Младшенький, старшенький, матушка, герцогиня, Форцепс, Вор, Мэгги… Ты стареешь, Варфоломей! Плечи ломит под бременем власти… Ты устал. Ты всего лишь устал, Варфоломей! С кем не бывает… Кто за тебя потянет все это? Чья десница удержит такую державу…

И Варфоломей окинул ее взглядом — и не хватило взгляда. Она была вечна и бесконечна, от Эй до Зет…
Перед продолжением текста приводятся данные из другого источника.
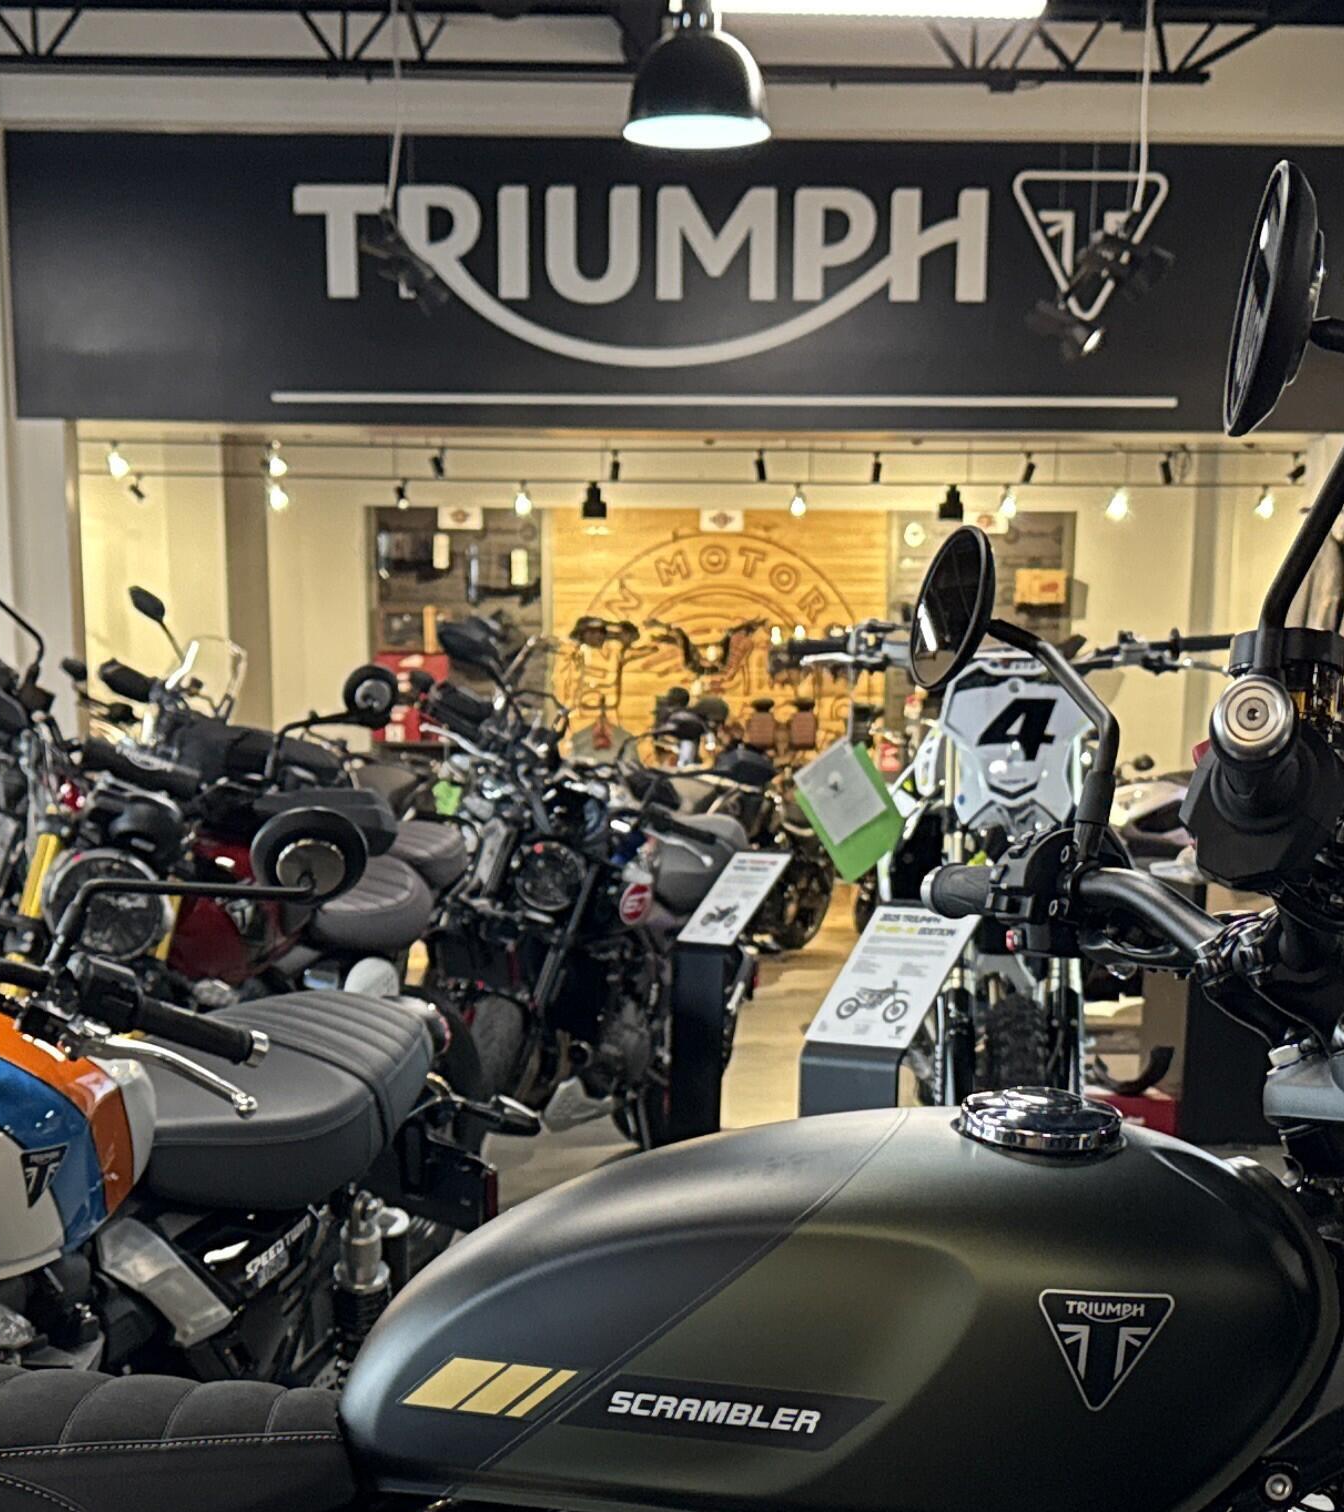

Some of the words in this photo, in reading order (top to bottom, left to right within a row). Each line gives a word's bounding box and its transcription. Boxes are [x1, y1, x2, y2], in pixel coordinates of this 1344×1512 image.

[293, 185, 990, 367] TRIUMPH
[977, 698, 1058, 762] 4
[1065, 1300, 1145, 1323] TRIUMPH
[608, 1390, 821, 1434] SCRAMBLER
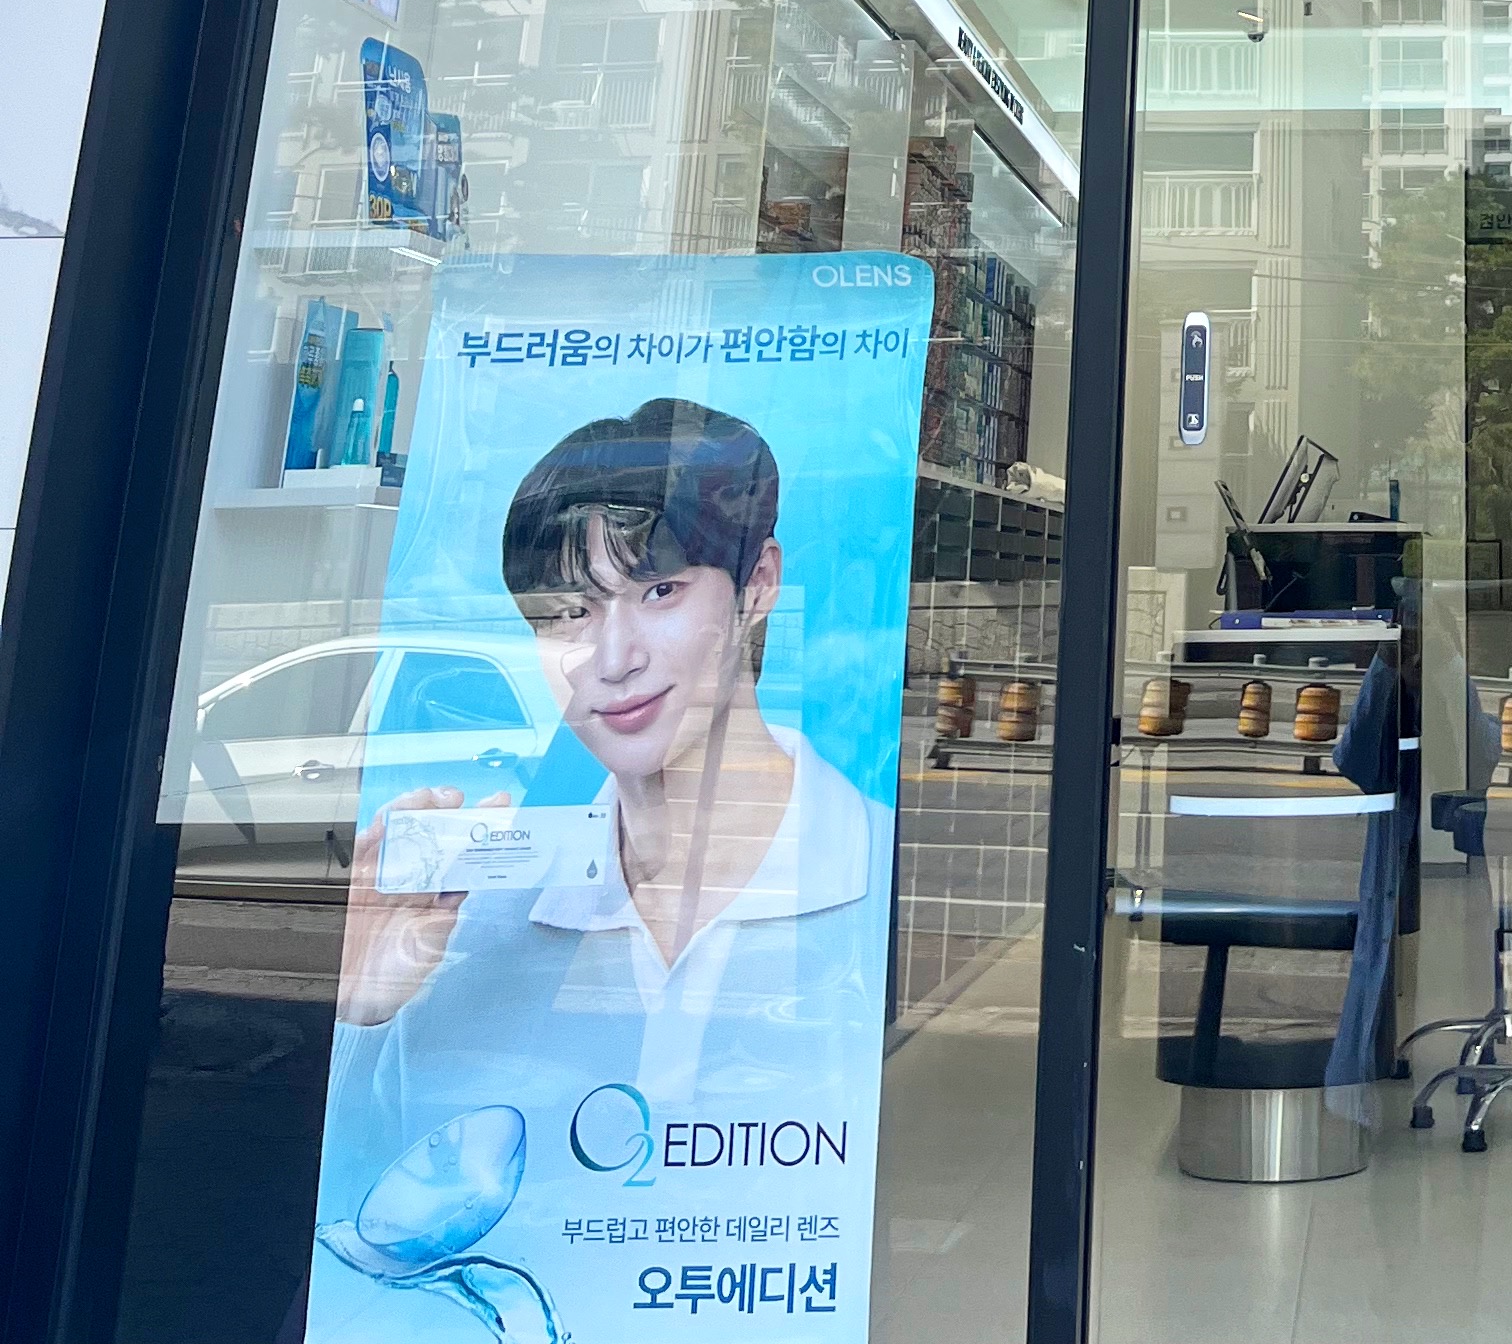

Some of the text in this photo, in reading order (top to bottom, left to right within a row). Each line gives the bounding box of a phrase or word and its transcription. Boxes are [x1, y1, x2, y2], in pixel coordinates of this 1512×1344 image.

[811, 264, 913, 289] OLENS
[456, 325, 911, 369] 부드러움의 차이가 편안함의 차이
[1185, 374, 1205, 382] PUSH
[663, 1120, 848, 1167] EDITION
[561, 1214, 841, 1245] 부드럽고 편안한 데일리 렌즈
[633, 1262, 838, 1315] 오투에디션
…Когда мир уже сотворен, и твердь создана, и хлябь, и небо, и звезды, и засеяны травы, и выращены деревья, и выпущены в воды рыбы, а в леса звери, а в небеса — птицы, а в травеса — жучки и паучки… когда не упущен и гад, и комар, и таракан… когда впущен в этот мир и человек, когда он прожил уже и золотое младенчество, и бронзовую юность, и железную зрелость… когда он все, что мог, уже слепил, нарисовал, спел и написал… когда он отпахал и отвоевал, возвысил героев и низверг тиранов… когда этот мир, наконец, закончен к сегодняшнему и никакому другому дню… когда, стройные, гренадерские, грудь в грудь, плечо к плечу, скрипя кожей, посверкивая свежим золотом, выстроятся на полках все тома Энциклопедии в единственно возможном порядке — по алфавиту, от А до Я… никто другой, как Варфоломей, принимает этот парад.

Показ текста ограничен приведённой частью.